Data entries
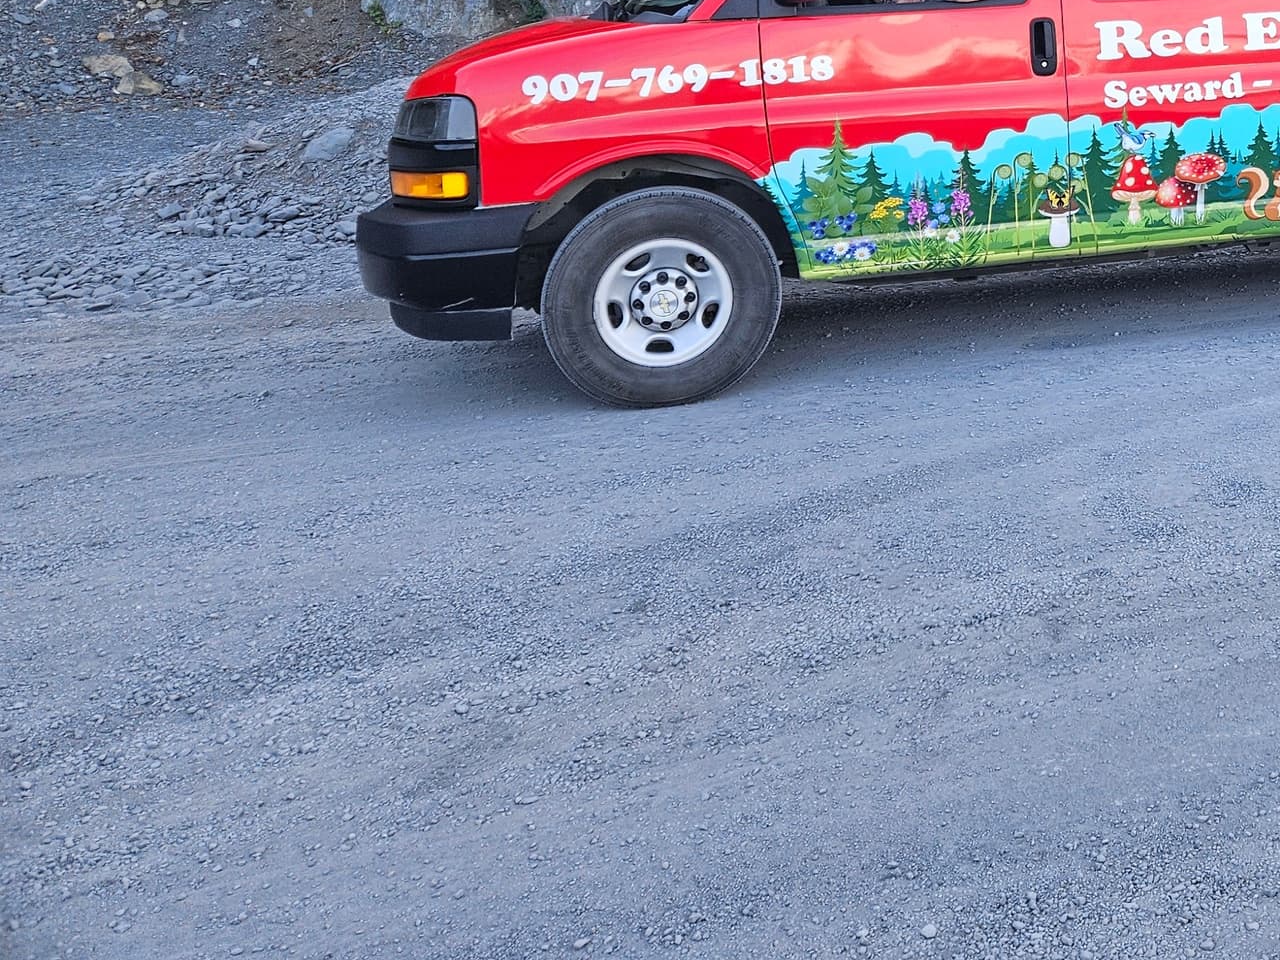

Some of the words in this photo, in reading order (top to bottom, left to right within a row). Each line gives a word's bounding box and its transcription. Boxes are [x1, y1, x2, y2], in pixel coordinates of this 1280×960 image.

[1094, 15, 1230, 61] Red
[521, 55, 834, 104] 907-769-1818
[1103, 72, 1243, 109] Seward
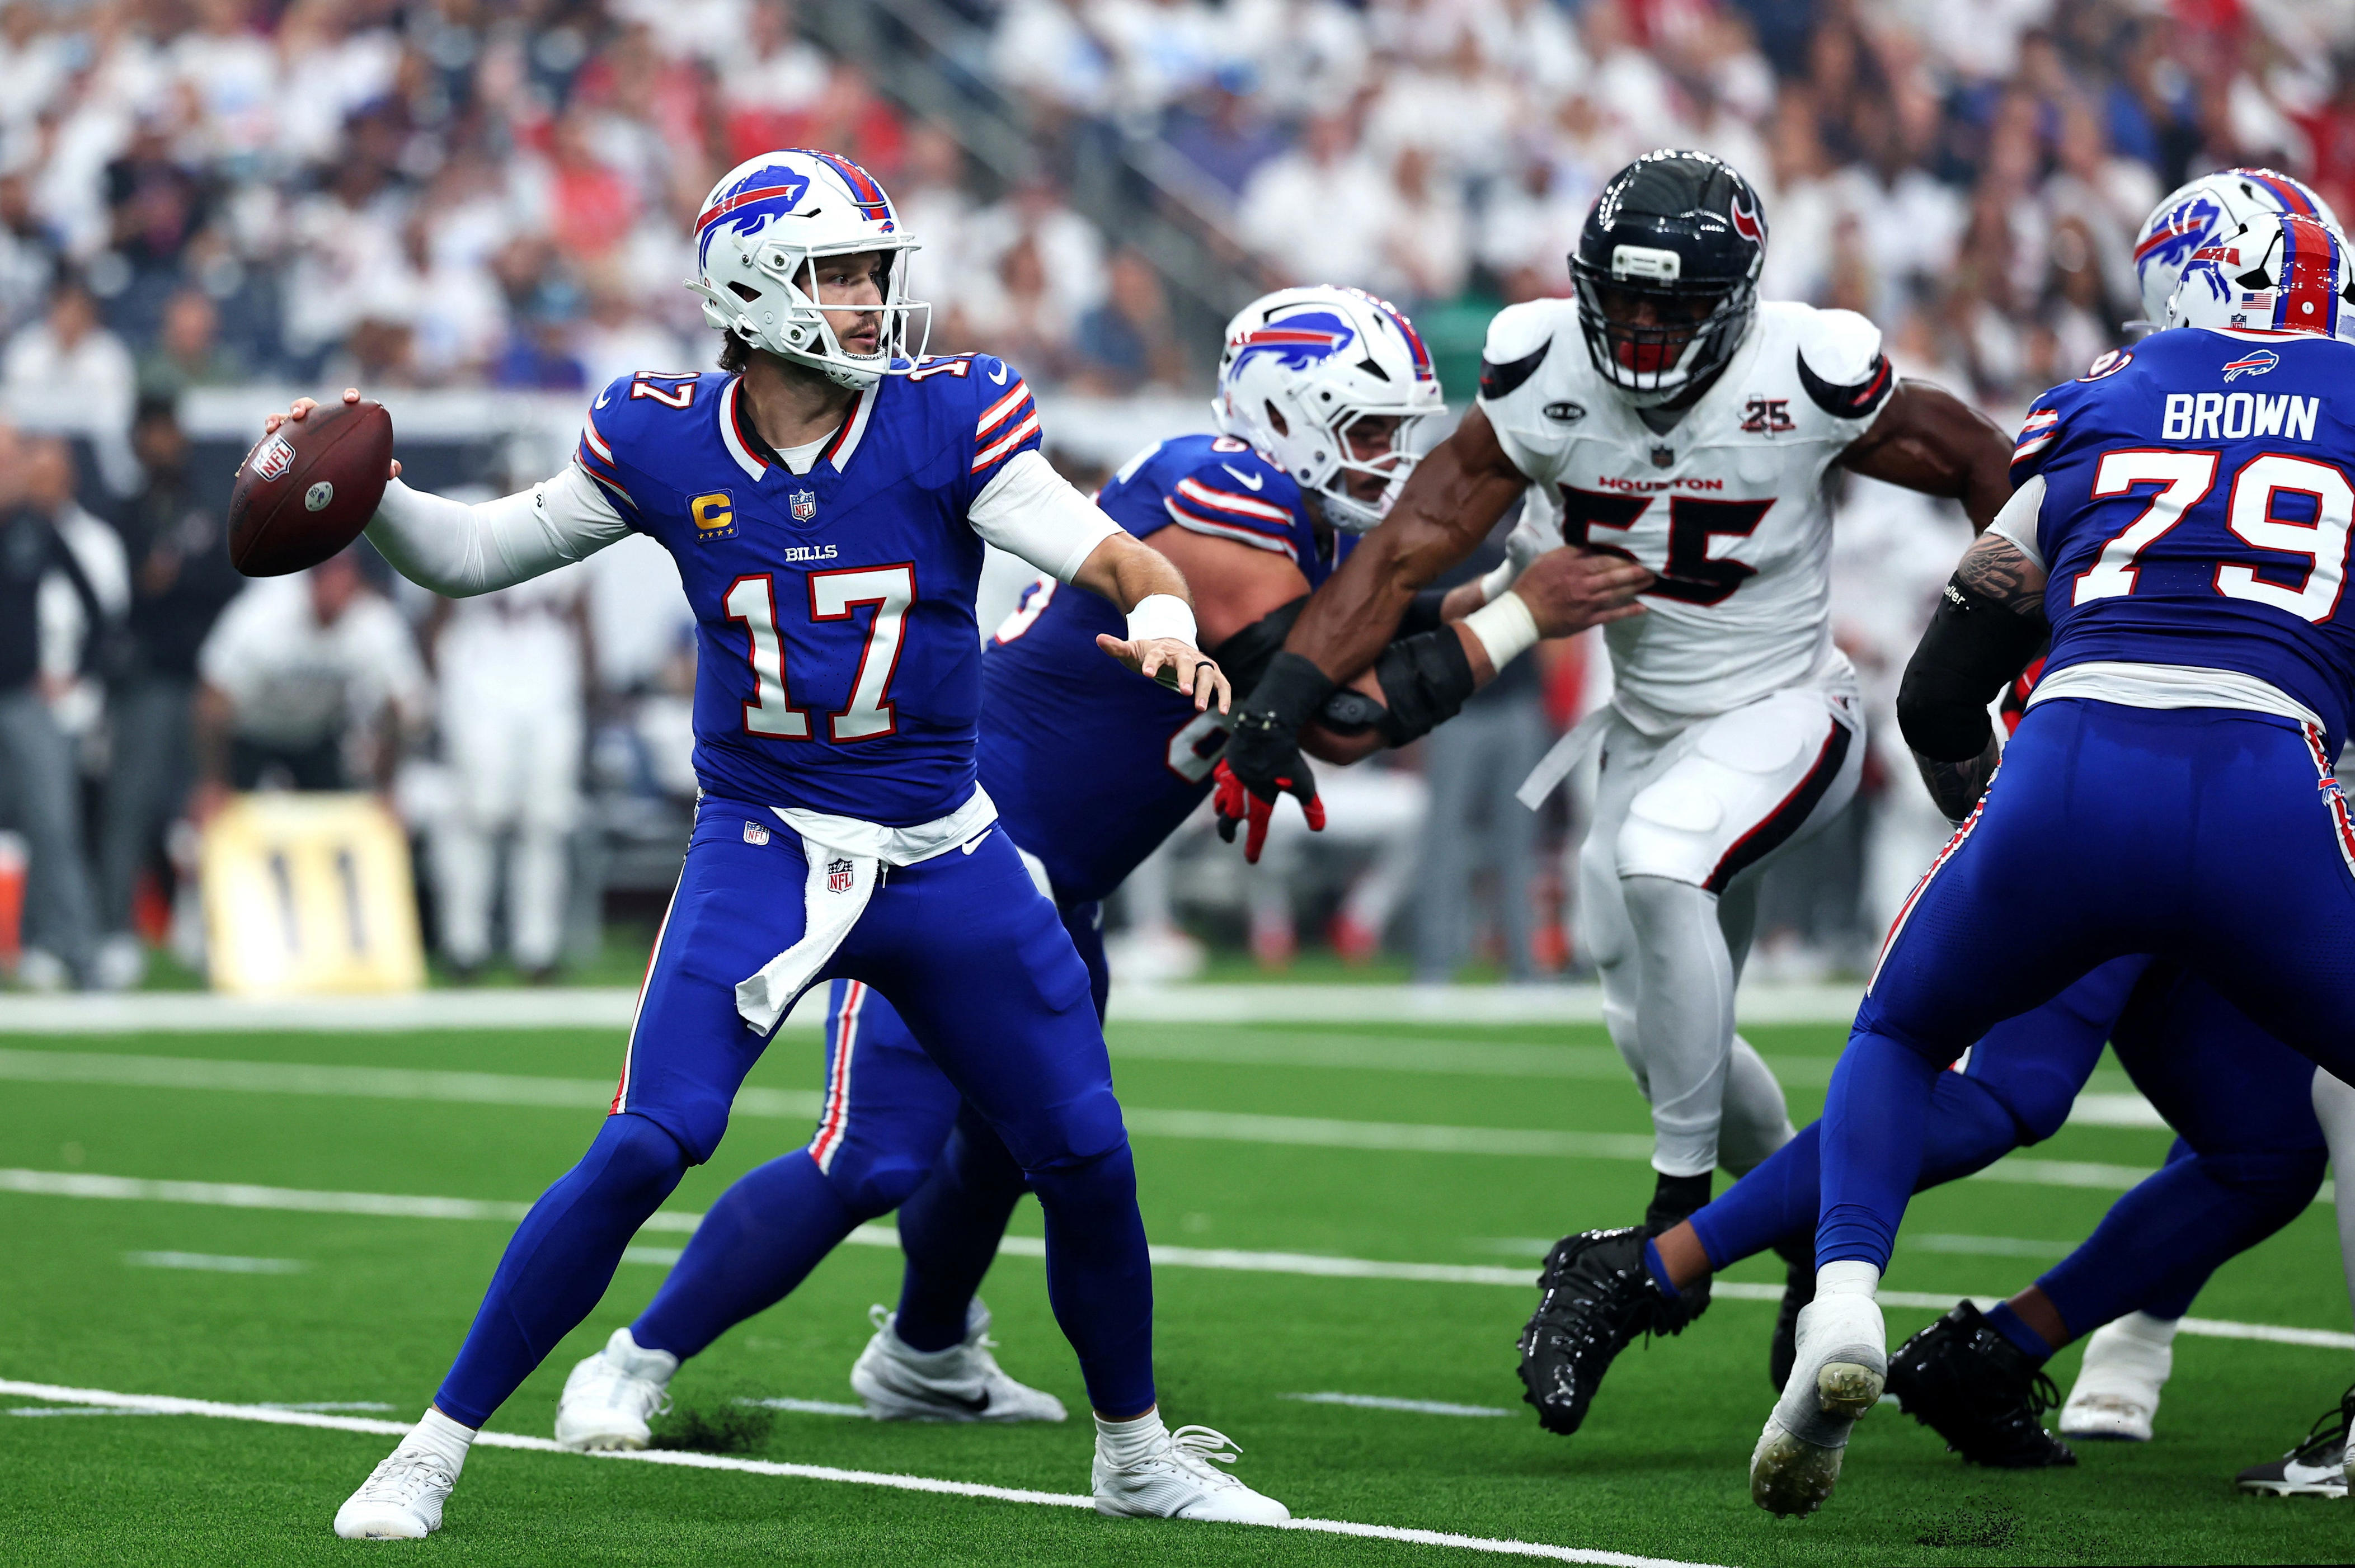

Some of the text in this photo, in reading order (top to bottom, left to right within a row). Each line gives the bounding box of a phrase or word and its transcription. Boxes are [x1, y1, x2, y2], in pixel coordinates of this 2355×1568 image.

[1740, 399, 1795, 432] 25
[2161, 392, 2320, 442] BROWN
[261, 447, 292, 477] NFL
[1598, 475, 1723, 493] HOUSTON
[691, 494, 733, 530] C
[795, 504, 812, 516] NFL
[1556, 482, 1779, 608] 55
[2070, 448, 2355, 626] 79
[784, 544, 838, 562] BILLS
[722, 561, 917, 745] 17
[748, 830, 765, 842] NFL
[830, 873, 852, 891] NFL

Your objective
Repeat every record above exactly, except the pictures.

Written response
Some of the words in this photo, in reading order (top to bottom, left to right within a row). Each line gives a word's bounding box and its transcription. Boxes are [x1, y1, x2, y2], in pixel coordinates of this 1280×960 image.

[1094, 15, 1230, 61] Red
[521, 55, 834, 104] 907-769-1818
[1103, 72, 1243, 109] Seward

Some of the text in this photo, in reading order (top to bottom, left to right within a row). Each line gives the bounding box of a phrase or word and its transcription. Boxes are [x1, y1, x2, y2], in pixel coordinates of this 2355×1568 image.

[1740, 399, 1795, 432] 25
[2161, 392, 2320, 442] BROWN
[261, 447, 292, 477] NFL
[1598, 475, 1723, 493] HOUSTON
[691, 494, 733, 530] C
[795, 504, 812, 516] NFL
[1556, 482, 1779, 608] 55
[2070, 448, 2355, 626] 79
[784, 544, 838, 562] BILLS
[722, 561, 917, 745] 17
[748, 830, 765, 842] NFL
[830, 873, 852, 891] NFL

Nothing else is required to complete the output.